A maior parte desses projetos é realizada em parceria com entidades de apoio às pessoas com deficiências ou com o governo, que concedeu à Acessibilidade Brasil o Prêmio de Tecnologia da Informação 2008 pela criação do Ases. No entanto, em alguns casos, a ONG ainda encontra dificuldades para a implementação de suas idéias, mas não desiste: “durante 5 anos, tentamos fazer um acordo com o correio brasileiro para facilitar o envio de cartas em Braille, e não conseguimos. Então, disponibilizamos o ‘Correio Braille’ em nosso próprio site; imprimimos as cartas dos usuários em nossa sede e as mandamos aos correios, mas queremos que eles assumam essa responsabilidade”, aponta Guilherme.

Da base ao topo

Adinamar Corrêa, da empresa pública Processamento de Dados do Estado do Pará (Prodepa), também enfrenta a falta de interesse na implementação de sites acessíveis, usando sua própria força de vontade e oferecendo a produção de páginas adequadas aos critérios de acessibilidade às entidades governamentais com as quais tem contato. Para ele, as poucas melhorias efetivadas ocorrem “devido à atuação de pessoas e não de uma instituição ou governo”.

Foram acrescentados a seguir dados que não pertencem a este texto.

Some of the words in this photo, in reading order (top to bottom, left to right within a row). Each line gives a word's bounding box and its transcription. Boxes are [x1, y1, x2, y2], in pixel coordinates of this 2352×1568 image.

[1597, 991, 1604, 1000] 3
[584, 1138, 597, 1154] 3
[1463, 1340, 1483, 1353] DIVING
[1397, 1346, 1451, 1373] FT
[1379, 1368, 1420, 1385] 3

Utilizando o sistema Ases, a Prodepa lançou o primeiro site acessível em 2006. Depois de 2 anos de trabalho, apenas cerca de 20% dos sites do Governo do Pará foram transformados em acessíveis e, hoje, só 10% permanecem acessíveis devido à falta de manutenção.

“Deveria existir um curso de especialização em acessibilidade”, defende Guilherme, diante do comentário de Alexandre de Diniz da Fapespa, que teve seu site montado com a ajuda de Adinamar, e aponta as dificuldades de sua equipe para manter o portal acessível.

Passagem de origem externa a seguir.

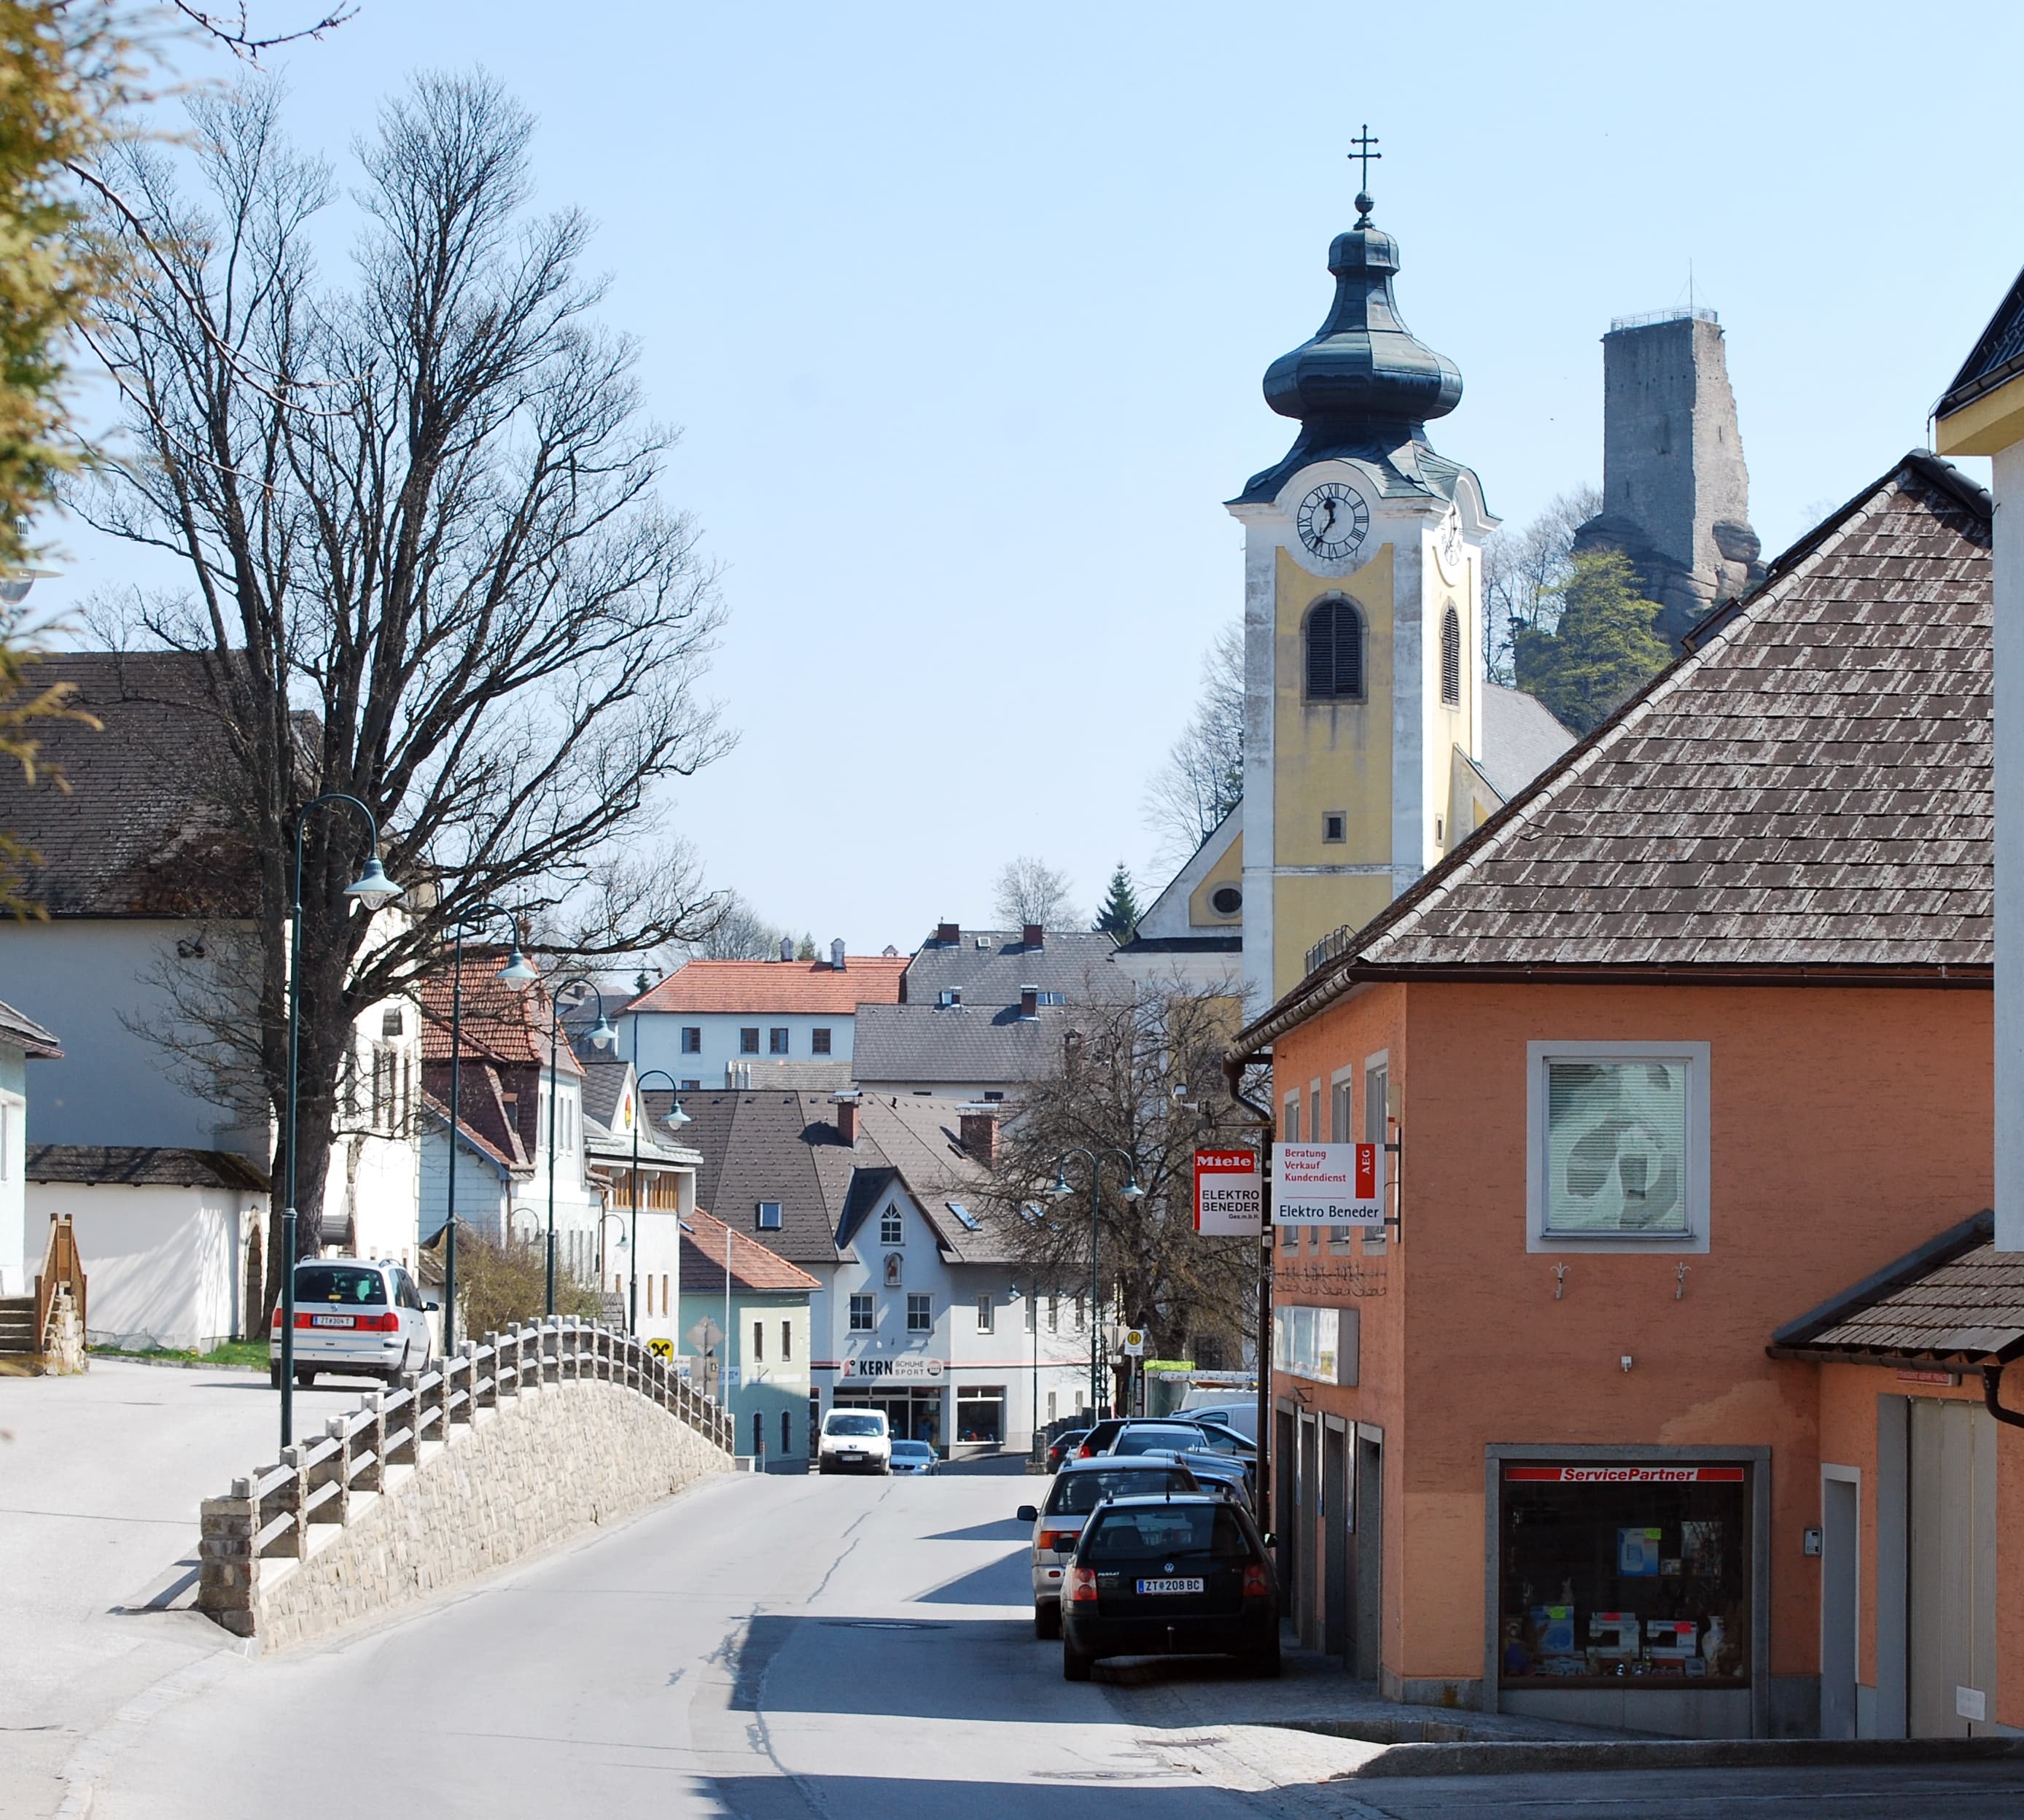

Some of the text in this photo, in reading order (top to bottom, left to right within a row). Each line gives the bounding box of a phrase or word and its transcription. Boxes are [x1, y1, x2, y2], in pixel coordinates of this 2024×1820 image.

[1285, 1148, 1326, 1159] Beratung
[1196, 1156, 1251, 1166] Miele
[1285, 1161, 1321, 1170] Verkauf
[1361, 1149, 1371, 1175] AEG
[1285, 1172, 1347, 1182] Kundendienst
[1202, 1190, 1260, 1199] ELEKTRO
[1202, 1202, 1260, 1212] BENEDER
[1280, 1205, 1379, 1218] Elektro Beneder
[860, 1361, 893, 1375] KERN
[1564, 1469, 1694, 1480] ServicePartner
[1145, 1580, 1199, 1591] ZT 208 BC

O problema não é só do Pará. No momento em que o governo passa a disponibilizar boa parte de seus serviços apenas via rede, muitos deles ainda não são acessíveis, como o Sistema Nacional de Convênios (Sincov). Além disso, muitos infocentros ainda não contam com instrutores pra auxiliar os deficientes a usar os computadores, nem bons equipamentos que suportem a tecnologia disponível.

No entanto, para que essa situação mude, é preciso mobilizar toda a sociedade. “Deficiente, reclame, não use os sites e outros serviços que não são acessíveis, não vejo outra forma de mudar essa situação a não ser a pressão popular”, ressalta Guilherme.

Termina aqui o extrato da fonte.